The government faced no trouble on any count, but the alarm is growing over the economy.
It was a flaccid start to Parliament’s Winter Session, with some Opposition parties in the Lok Sabha ritualistically demanding to know why their colleague Farooq Abdullah was not present in the House. This was evidently a baiting tactic to revive a discussion on Kashmir, but with the Opposition unable to bring gusto to the proceedings, the government swatted away the charge of the ultra-light brigade with ease.

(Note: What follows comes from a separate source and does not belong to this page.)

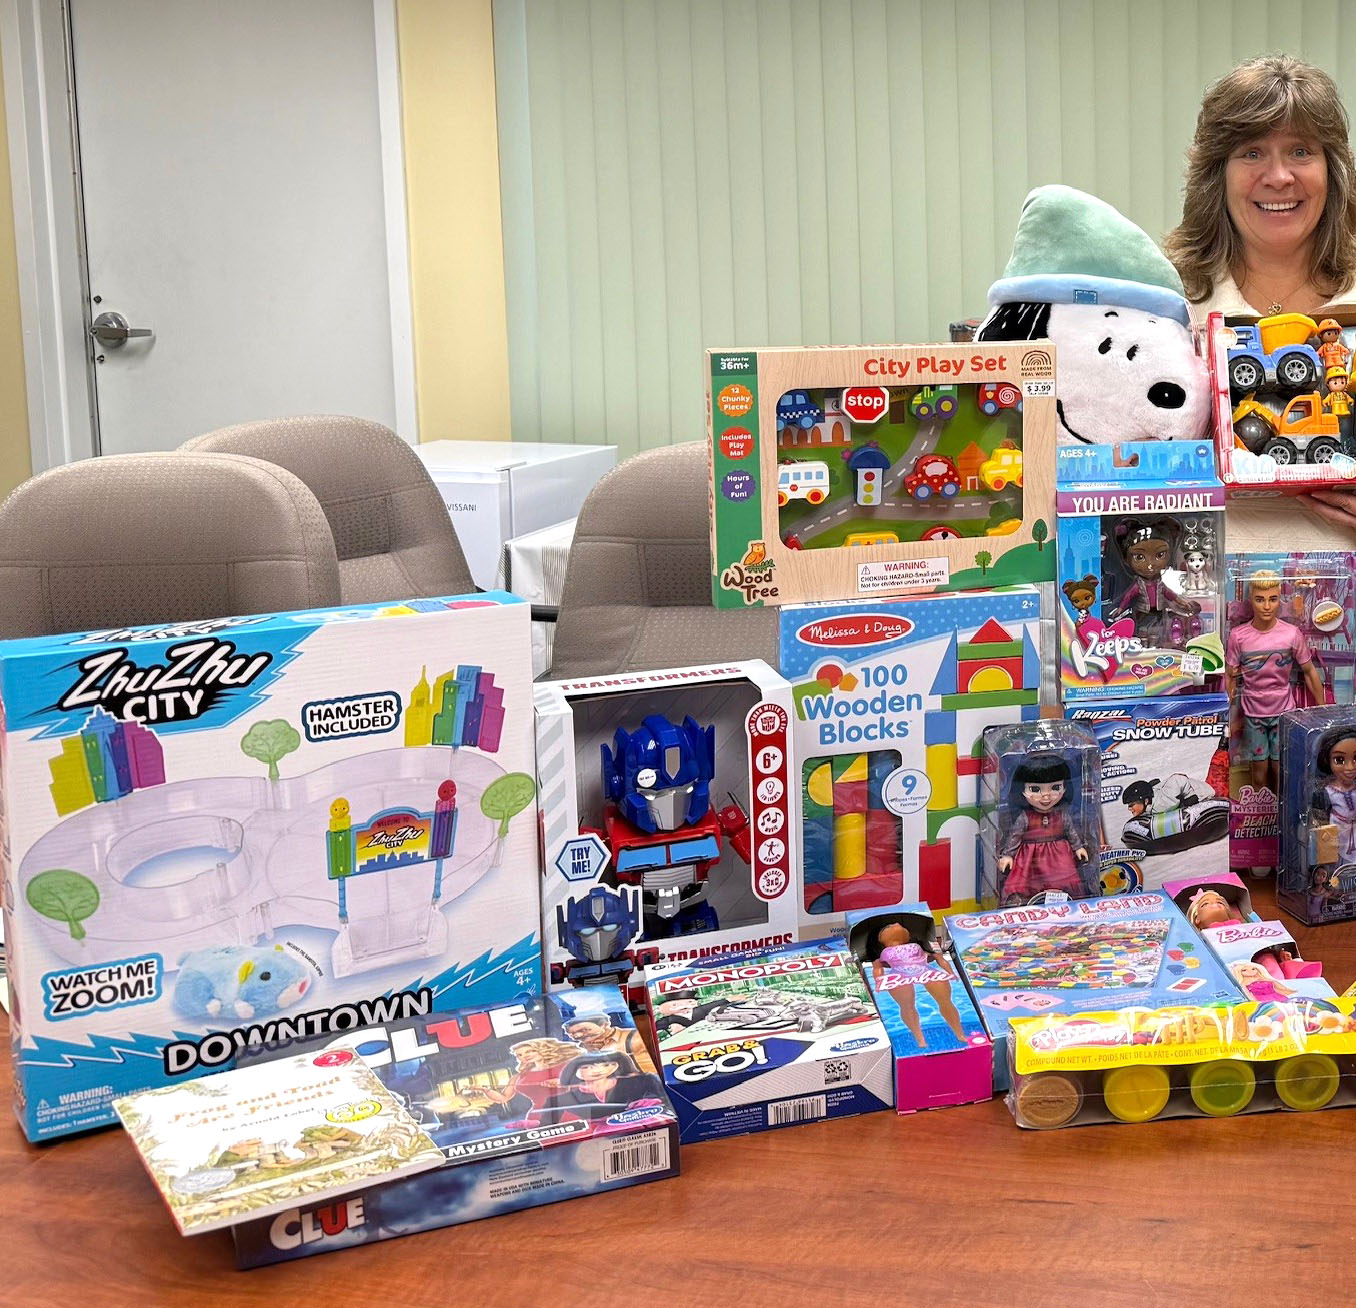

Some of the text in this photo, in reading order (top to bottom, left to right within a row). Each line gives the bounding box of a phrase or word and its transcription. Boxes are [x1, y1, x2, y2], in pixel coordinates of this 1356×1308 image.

The Congress is clearly preoccupied with other issues, like the political developments in Maharashtra which might yield government formation there at the BJP’s expense. Its former chief Rahul Gandhi, who is now capable of pungent interventions in the House, was absent, apparently not back yet from his meditation tour. This itself says much.
The government faced no trouble on any count, but the alarm is growing over the economy. After creating fear and panic over its promise to apply the National Register of Citizens to every state, the government renewed its commitment to bringing the Citizenship (Amendment) Bill, a necessary accompaniment to the NRC in furtherance of the communal agenda. The Opposition parties gave few hints in the Lok Sabha that they plan to mount a challenge.
The Rajya Sabha’s 250th session was inaugurated on Monday and Prime Minister Narendra Modi seized the opportunity to urge the government’s opponents to eschew tactics that block discussion and deliberation. Thankfully, former PM Manmohan Singh gave a rejoinder with pithy points, saying the deliberative aspect of Parliament depended greatly on parliamentary committees, where members usually engage in open discussions. He regretted that in the 16th Lok Sabha, only 25 per cent of bills were sent to committees for discussion by the government, against 71 per cent in the 15th and 60 per cent in the 14th Lok Sabha.